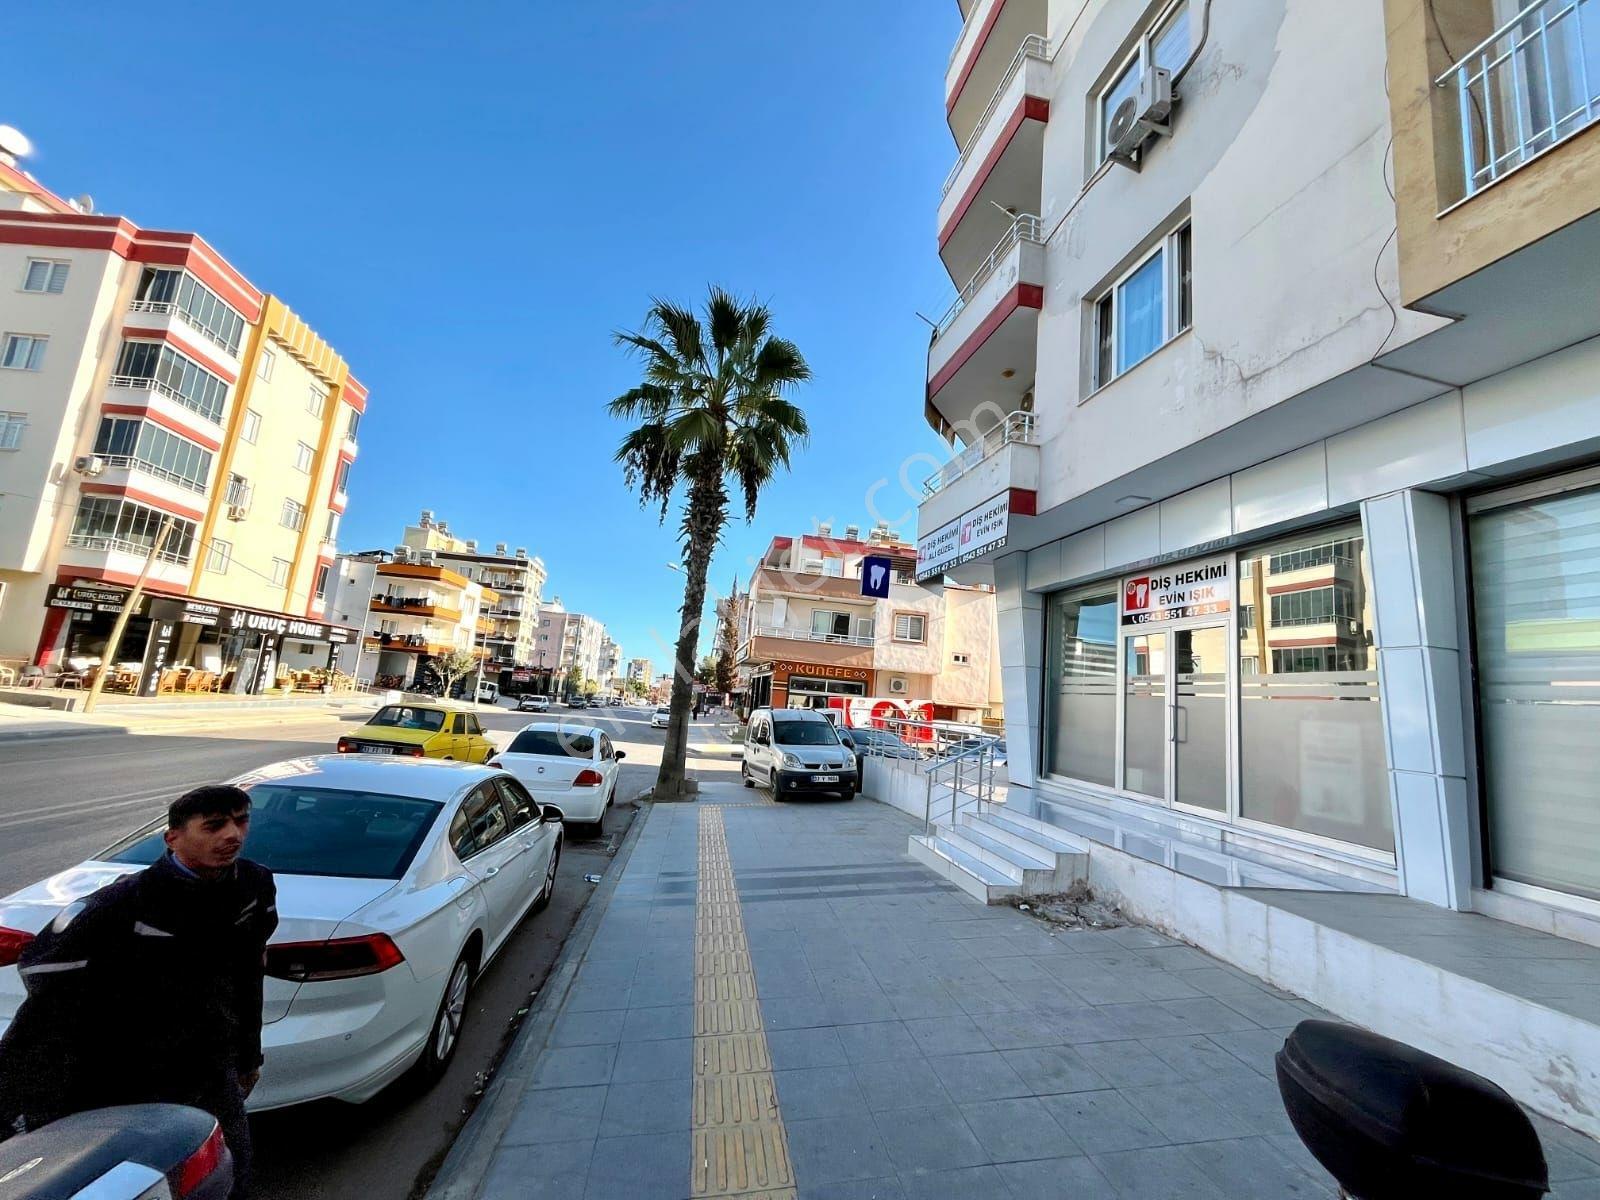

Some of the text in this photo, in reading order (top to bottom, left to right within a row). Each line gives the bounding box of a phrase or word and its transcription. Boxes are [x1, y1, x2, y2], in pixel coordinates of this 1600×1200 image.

[984, 501, 1008, 519] HEKİMİ
[1150, 575, 1171, 592] DİŞ
[1175, 561, 1227, 587] HEKİMİ
[1159, 586, 1215, 606] EVİN IŞIK
[1164, 607, 1182, 620] 551
[1186, 605, 1199, 616] 47
[248, 615, 288, 635] URUÇ
[289, 620, 323, 637] HOME
[795, 664, 852, 678] KÜNEFE
───
TRY IT
Retype every entry exactly as written, but omit the pictures.

YOUR RESPONSE
Some of the text in this photo, in reading order (top to bottom, left to right within a row). Each line gives the bounding box of a phrase or word and its transcription. Boxes are [x1, y1, x2, y2], in pixel coordinates of this 1600×1200 image.

[984, 501, 1008, 519] HEKİMİ
[1150, 575, 1171, 592] DİŞ
[1175, 561, 1227, 587] HEKİMİ
[1159, 586, 1215, 606] EVİN IŞIK
[1164, 607, 1182, 620] 551
[1186, 605, 1199, 616] 47
[248, 615, 288, 635] URUÇ
[289, 620, 323, 637] HOME
[795, 664, 852, 678] KÜNEFE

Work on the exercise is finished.